JUM@P '13: Joint Users' Meeting at PSI 2013

Quantitative assessment of bone’s ultrastructural orientation by a novel 3D scanning SAXS method

18 Sept 2013, 12:15

2h

WSLA - Foyer (Paul Scherrer Institut, Villigen, Switzerland)

Board: 25

poster Poster session I and lunch

Speaker

Mr Marios Georgiadis (ETH Zurich)

Description

The arrangement and orientation of the ultrastructure plays an important role in the mechanical properties of inhomogeneous and anisotropic materials, such as polymers, wood, or bone. In this study, a novel method is presented, which allows deriving the three-dimensional (3D) orientation of the material’s ultrastructure in a quantitative and spatially resolved manner.
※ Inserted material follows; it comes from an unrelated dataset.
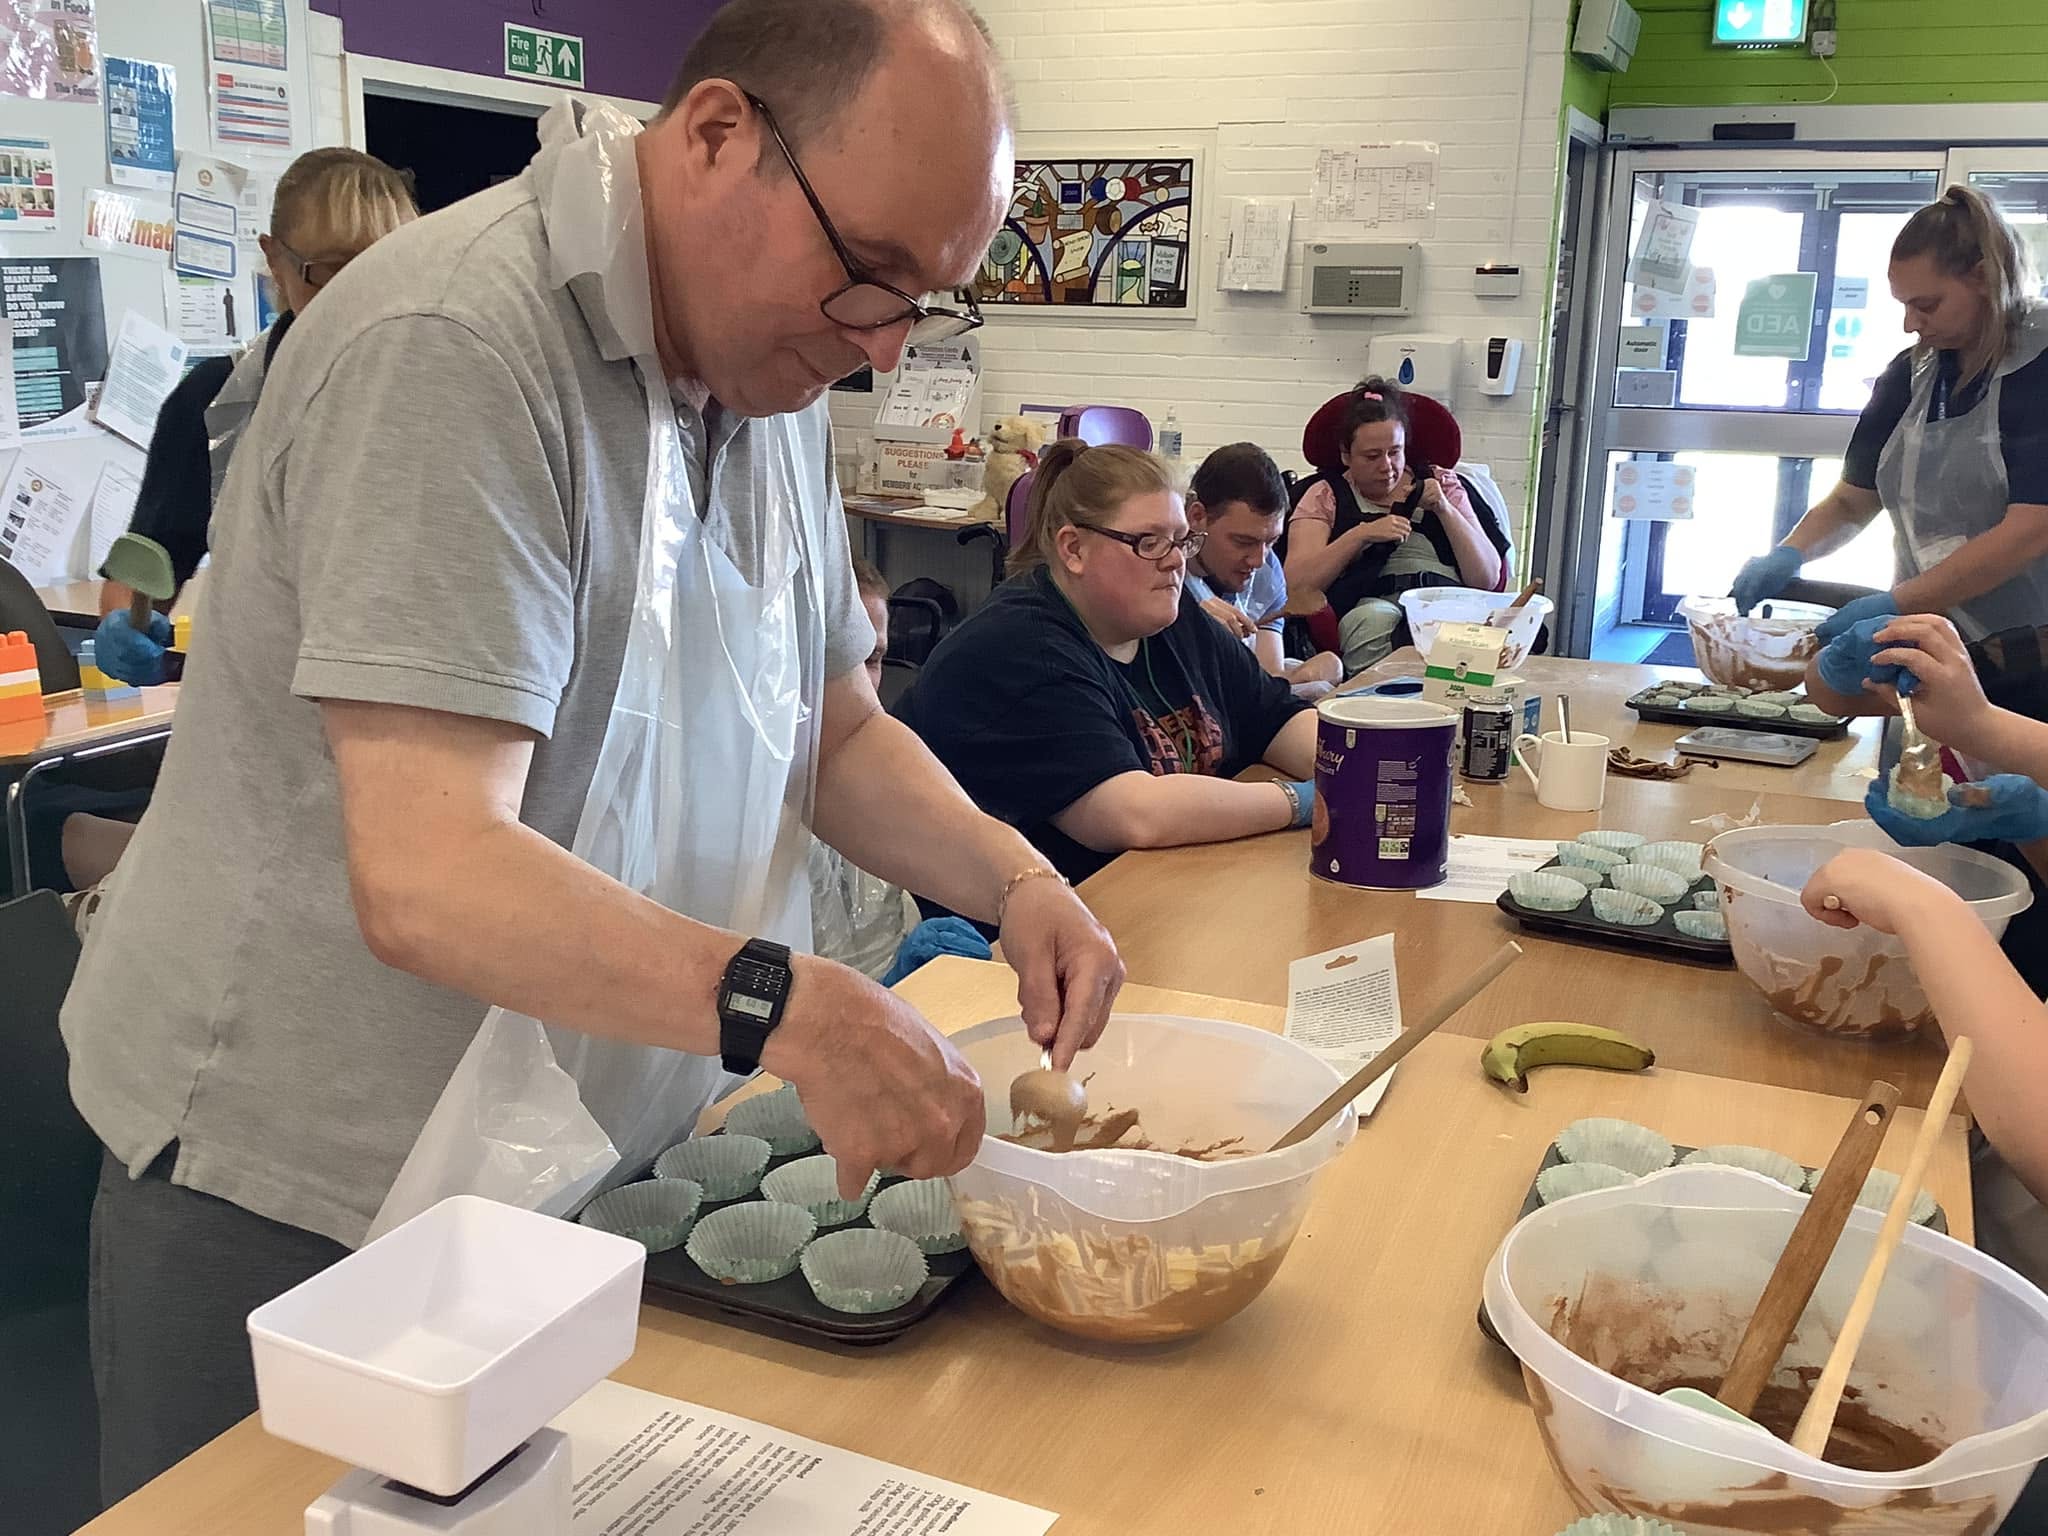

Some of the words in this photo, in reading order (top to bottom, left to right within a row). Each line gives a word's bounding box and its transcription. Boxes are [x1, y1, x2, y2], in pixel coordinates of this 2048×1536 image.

The proposed 3D scanning small-angle X-ray scattering (3D scanning SAXS) method was applied to a section of a human vertebral trabecular bone specimen. A micro-focus X-ray beam was used to raster scan the sample for different rotation angles that covered almost the full 360o range, excluding a small angular range, where the bone section was practically parallel to the X-ray beam. A mathematical framework was developed to describe the relation between the two-dimensional (2D) information regarding bone’s ultrastructural orientation, which is retrieved from the X-ray diffraction patterns for the different rotation angles, and the local 3D orientation of the bone ultrastructure. This allowed deriving the local 3D orientation of the bone ultrastructure with high certainty, by fitting the theoretical model to the experimental data (mean and median coefficient of determination equal to 0.94 and 0.99, respectively). The bone’s ultrastructural orientation has been visualized by a 3D orientation map using vector fields, which revealed links between trabecular bone microarchitecture and local ultrastructure. Moreover, the 3D orientation maps may help to quantify and understand structure-function relationships linking bone ultrastructure and bone mechanics. Finally, the proposed 3D scanning SAXS method can also be used in other research fields such as material science, to derive the 3D orientation of ultrastructural material components on a local level.